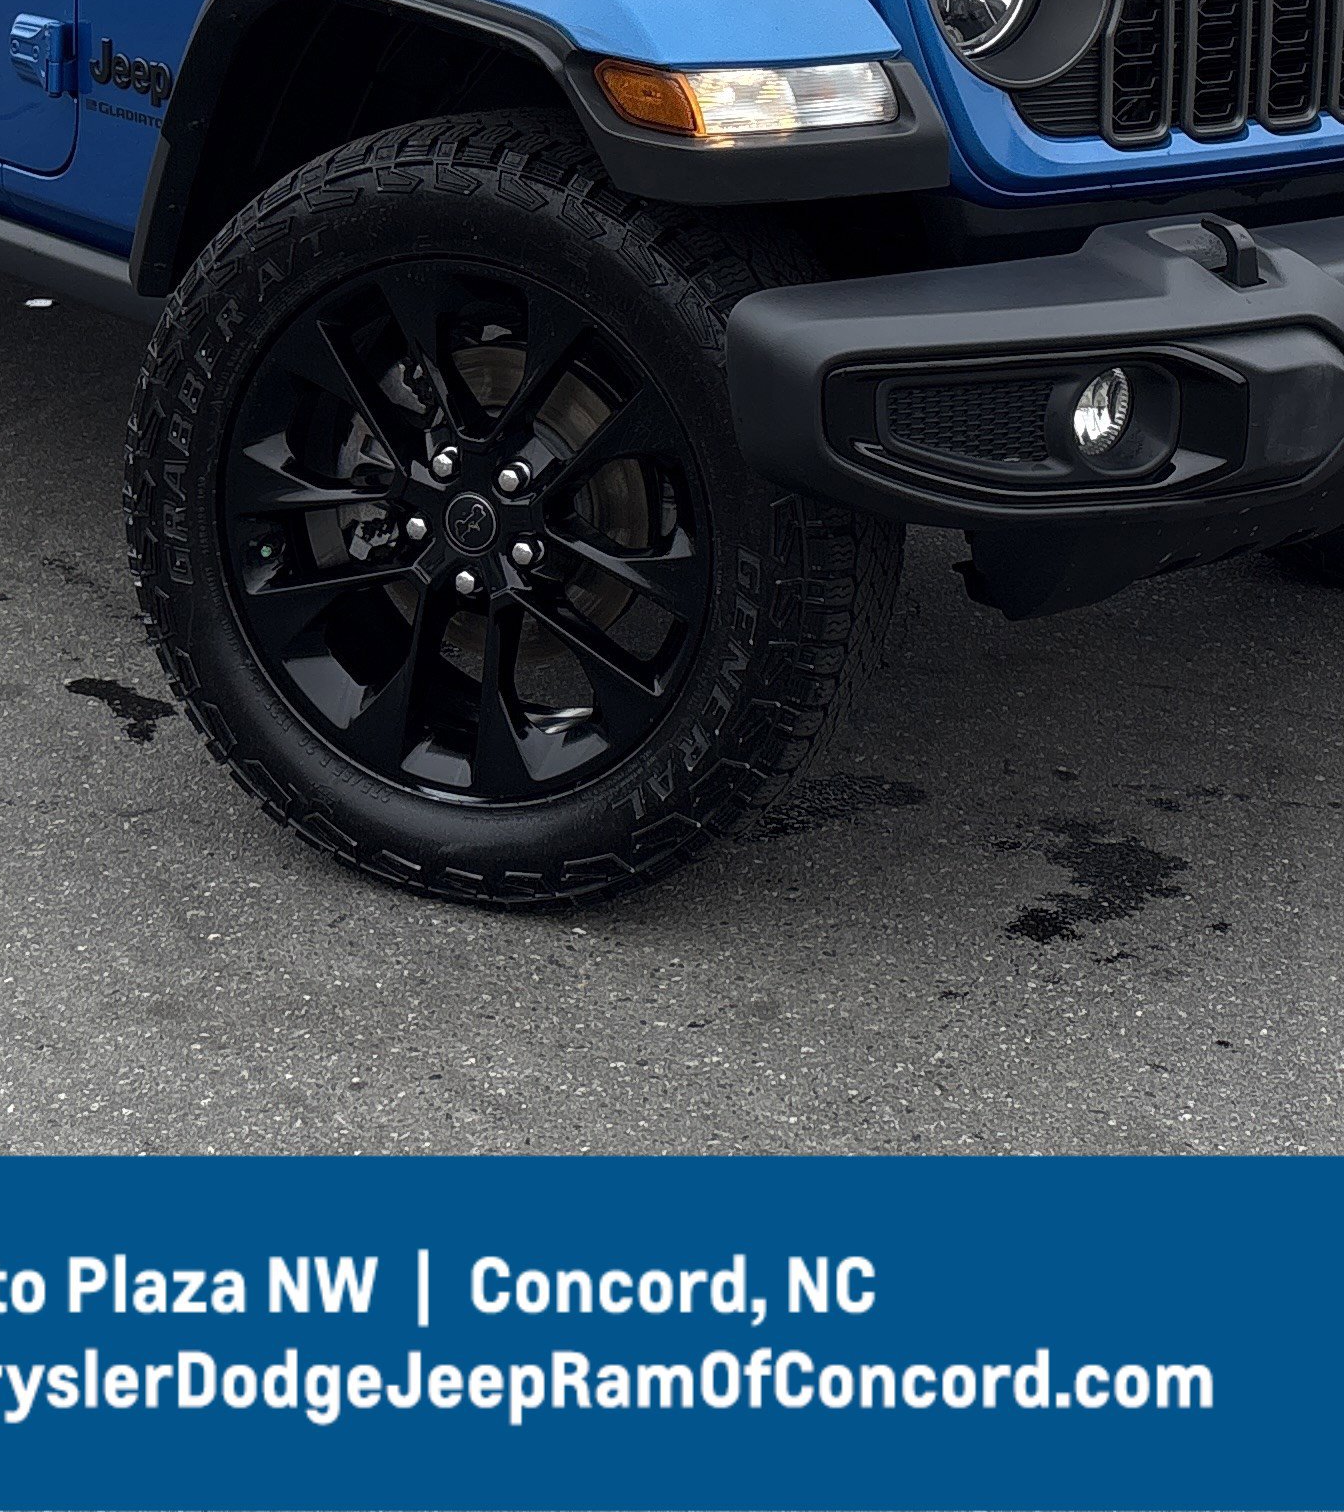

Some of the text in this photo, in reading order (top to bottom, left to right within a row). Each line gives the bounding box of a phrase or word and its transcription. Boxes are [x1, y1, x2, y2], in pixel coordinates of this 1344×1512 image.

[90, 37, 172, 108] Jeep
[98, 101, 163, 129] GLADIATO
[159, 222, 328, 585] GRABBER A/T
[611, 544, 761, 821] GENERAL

What to do
Restate the listing word for word, pictures omitted.

Result
Some of the text in this photo, in reading order (top to bottom, left to right within a row). Each line gives the bounding box of a phrase or word and its transcription. Boxes are [x1, y1, x2, y2], in pixel coordinates of this 1344×1512 image.

[90, 37, 172, 108] Jeep
[98, 101, 163, 129] GLADIATO
[159, 222, 328, 585] GRABBER A/T
[611, 544, 761, 821] GENERAL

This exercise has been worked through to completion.